赤葦くんは消えるような声で言った。違うよ、と返す。ハッキリとした声で、返す。

「まだ言う?それ。しつこいよ」
「俺、しつこいんですよ。知りませんでした?」

あの日から……あの日というのは、二年前、叱られている赤葦くんを庇った……いや、庇ったわけではない。私が苛ついて、勝手にキレただけのあの日のことだ。後輩のくせに、直属の上司にキレ散らかしたあの日だ。

「私が勝手にやったことじゃん」
「俺はそれに救われたんですよ」
「よかったね、偶然救われて」
「謝りたくて」
「……何に?」
「今日、あの日のナマエさんみたいにナマエさんを救えなかったから」

信号、赤、緩いブレーキ、停車。
赤葦くんは私に抹茶のドーナツを寄越す。半分に割るよう指示する。その間に彼はチョコレートのドーナツを半分に割る。片割れを私に寄越す。そっちも半分ください、俺、両方食べたいので、と口早に言う。信号が青になる。彼がアクセルを踏む。車が走り出す。

「……何言ってるの」
「懺悔ですかね」
「言っておくけど、私、」
「そんなことされても嬉しくないでしょう?」

その通りだ。あそこで誰か逆らえば、きっと今度はその子が標的になる。だから別にどうだってよかった。自分が犠牲になるくらい、どうだっていい。赤葦くんがもう、以前みたいに標的にならないなら、もっといい。

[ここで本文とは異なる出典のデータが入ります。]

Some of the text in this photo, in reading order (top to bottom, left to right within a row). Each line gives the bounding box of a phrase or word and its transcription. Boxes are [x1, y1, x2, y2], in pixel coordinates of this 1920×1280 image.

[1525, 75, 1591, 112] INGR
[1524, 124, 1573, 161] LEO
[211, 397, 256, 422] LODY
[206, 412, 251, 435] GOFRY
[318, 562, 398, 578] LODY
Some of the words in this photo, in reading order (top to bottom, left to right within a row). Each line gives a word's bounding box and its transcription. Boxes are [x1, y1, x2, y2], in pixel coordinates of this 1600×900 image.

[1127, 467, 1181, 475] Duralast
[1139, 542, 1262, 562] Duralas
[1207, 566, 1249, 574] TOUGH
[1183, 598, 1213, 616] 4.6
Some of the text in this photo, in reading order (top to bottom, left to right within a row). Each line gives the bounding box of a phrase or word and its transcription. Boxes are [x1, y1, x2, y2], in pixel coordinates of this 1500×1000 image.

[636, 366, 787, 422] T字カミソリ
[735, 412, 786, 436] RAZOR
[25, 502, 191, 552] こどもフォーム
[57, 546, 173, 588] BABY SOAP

「俺もそう思って、黙ってたんです。でも、泣いてたじゃないですか」
「……悪い?」
「……悪いとかいいとかの話じゃなくて」
「私だって人の子だからね。生まれた時はおぎゃあと泣いただろうし、今だってたまに泣くよ」
「許せないなと思って。好きな人が泣かされてるのって。で、なのに何もできなかったんでこうやって罪滅ぼし的に誘ったんです。それこそ因果応報じゃないですけど、あの日俺を救ったんだから、ナマエさんも救われるべきでしょう?でも俺、何もできなかったので……いやまぁ普通に一緒に居たいって下心もありますけど……俺はしょっちゅうナマエさんに慰めてもらって嬉しかったから、自分も同じようにしたいなと思ったんですけど」

俺なんかじゃ意味ないですよね。
この子の自身のなさは一体どこからやってくるのだろうか。綺麗な顔だ。背も高い。ウッディでスパイシーな、自分によく似合う香水を纏うセンスがあって、仕事もよくできる。身体つきだっていい。新入社員の女の子は大抵赤葦くんに一目惚れして、私に好意を向けていることを知ると「え?なんであの人?」みたいな顔で私を見るから、うんざりする。すみませんね、特別に美しいわけでもなくスタイルがいいわけでもなく、平々凡々な見た目の、可愛げのない女で。
彼は私や無能な上司たちと違ってバカじゃない。だからそれなりにモテることくらいわかっているはずなのに、なんで。なんでちょっと、気まぐれで庇ってやったくらいで、私のことなんか好きになってるの。単純すぎるよ。

「ありがとね」
「え?」
「ありがとう、気遣ってくれて」
「え、いや、はい」
「付き合ってみる?」
「え?」
「私たち」
「付き合って、って」
「私ね、好きだよ。赤葦くんのこと」

ぎゅうっと、彼がブレーキを踏んだ。突然の重力、つんのめる私を彼が左手で押さえるようにする。驚いた顔でこちらを見る。私も驚いて、彼を見る。

「どうしたの」
「っぶな……っ、危ないじゃないですか」
「赤葦くんの運転が危ないんじゃん」
「ナマエさんがっ……ナマエさんが、悪いですよ」
「……自分は散々、好きなタイミングで好きって言うくせに」
「動じないじゃないですか、ナマエさんは」
「動じまくってるよ、一人になった時に」
「……なんなんですか、その特性。俺、知らないですもんそんなの」

変ですよ、絶対。
きっと、ざわざわと心臓がうるさいのだろう。わかるよ、ソレ。私も貴方から好きを貰った後、一人きりの静かな部屋で、同じようになるから。動揺した彼を見て思う。なんだ、ちゃんと出るじゃん顔に。暗い車内、夜の曖昧な街頭でぼんやり照らされる彼の照れ臭そうな横顔を眺めながら、思う。

「……見過ぎです」

半分のドーナツを黙って胃におさめ、いつの間にか見慣れた景色。そう言って彼がじわじわ、近付いてくる。私の家の前、焚かれたハザードランプ。
ちょっと待って、私、いま、メイク崩れてるから。
そんな言い訳は通用しなかった。今更待ちませんよ、何年待ったと思ってるんですか、という当たり前の主張の後で、そおっと唇が触れた。